Every day we’re reminded of what it means to be the 2%. And then we’re reminded of the risk we take every time we wear revealing clothes. We’re all subject to taking precautions 24/7, through crossing the street to avoid a man or purchasing bear mace as self defense.
Women have been the sacrifice to the whole world. Only perceived as an exchange of pleasure.
In the workforce.
In institutions.
In their homes.
Criminal activity against women continues to rise globally. There are countless horror stories of women being followed or tagged for abduction. Predators approach them in grocery stores, or follow them from a distance to locate a woman’s way of travel or route back home. The absolute disregard for a woman’s privacy in today's world continues to be invaded by not just government officials, but so-called vigilantes, street criminals, and even their own families.
“For every 10 victims detected globally, five are adult women and two are girls, according to a report released in 2021 by the United Nations Office on Drug and Crime (PDF, 18MB).” — Amy Novotney (2023)
There have been many cases where women feel obligated to succumb to this behavior. In domestic violence cases, many women fear the repercussions of confronting or leaving their partners. They believe they will change, and fall into the trap of forgiveness for lackluster behavior in the relationship. They will continue to tolerate narcissistic behavior for a false sense of safety, even though they could ultimately be killed by their partners.
It’s worse when women don’t feel safe to report these actions.

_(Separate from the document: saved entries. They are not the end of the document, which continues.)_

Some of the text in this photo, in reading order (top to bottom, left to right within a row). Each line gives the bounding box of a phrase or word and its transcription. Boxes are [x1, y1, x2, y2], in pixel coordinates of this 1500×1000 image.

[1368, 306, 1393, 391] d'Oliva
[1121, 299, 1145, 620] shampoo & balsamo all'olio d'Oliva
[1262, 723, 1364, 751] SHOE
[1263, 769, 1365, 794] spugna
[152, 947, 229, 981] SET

Women and girls globally feel and have been silenced about their problems with their partners. In Black culture, assault is rarely brought up in court and historically swept under the rug in private.
“The study revealed that only 18% of the adult women's rapes and only 11% of the assaults of children were reported. For adult women, the primary reason for not reporting seemed to combine a type of guilt as well as embarrassment.” — R.L Binder (1981)

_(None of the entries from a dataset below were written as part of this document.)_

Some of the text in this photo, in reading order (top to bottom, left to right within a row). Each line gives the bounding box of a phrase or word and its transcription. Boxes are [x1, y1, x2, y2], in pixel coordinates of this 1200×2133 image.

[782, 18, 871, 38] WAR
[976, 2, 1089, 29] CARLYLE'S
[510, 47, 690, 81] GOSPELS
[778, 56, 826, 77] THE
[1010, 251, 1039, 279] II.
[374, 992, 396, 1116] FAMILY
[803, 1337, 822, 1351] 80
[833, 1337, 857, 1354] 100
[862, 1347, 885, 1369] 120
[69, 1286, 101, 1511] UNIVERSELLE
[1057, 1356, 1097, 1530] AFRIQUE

Guilty men continue to gaslight their victims and act as if they are falsely accused. Meanwhile, they are the ones with blood on their hands.
Women deserve to feel respected in every area of their life.
It’s not a “right of passage” to survive being assaulted.
It’s not “normal” to sexualize every single part of a woman.
It’s not a woman’s “job” to submit to a man regardless of their relationship status.
It’s not just a “woman’s problem” when we vocalize our disdain and discomfort to man for his inappropriate sexual behavior.
It’s inhumane to believe that women shouldn’t be under full control of their bodies, politically and socially.
Women are constantly fighting this narrative with little to no support. Then, we factor intersectionality. It’s common knowledge that a white women is more likely to get justice than an ethnic women when it comes charging a sexual assailant. Even then, the justice is slim to none when evidence is unavailable or expenses are not met to proceed in court.
It’s hard to accept this as common among women. And it should be, because it’s inexcusable. It’s horrifying for the next generation of children, exposing them to unresolved problems at the hands of our partners, our families, the people we’re supposed to trust the most. To allow our children to be uneducated on how to defend themselves from assault is cruel. Not doing enough to prevent protect vulnerable women from abduction and assault from is equal to being a bystander to the crime. You’re liable, too.
Another day to fear being a woman, is another day without making progress to protect women.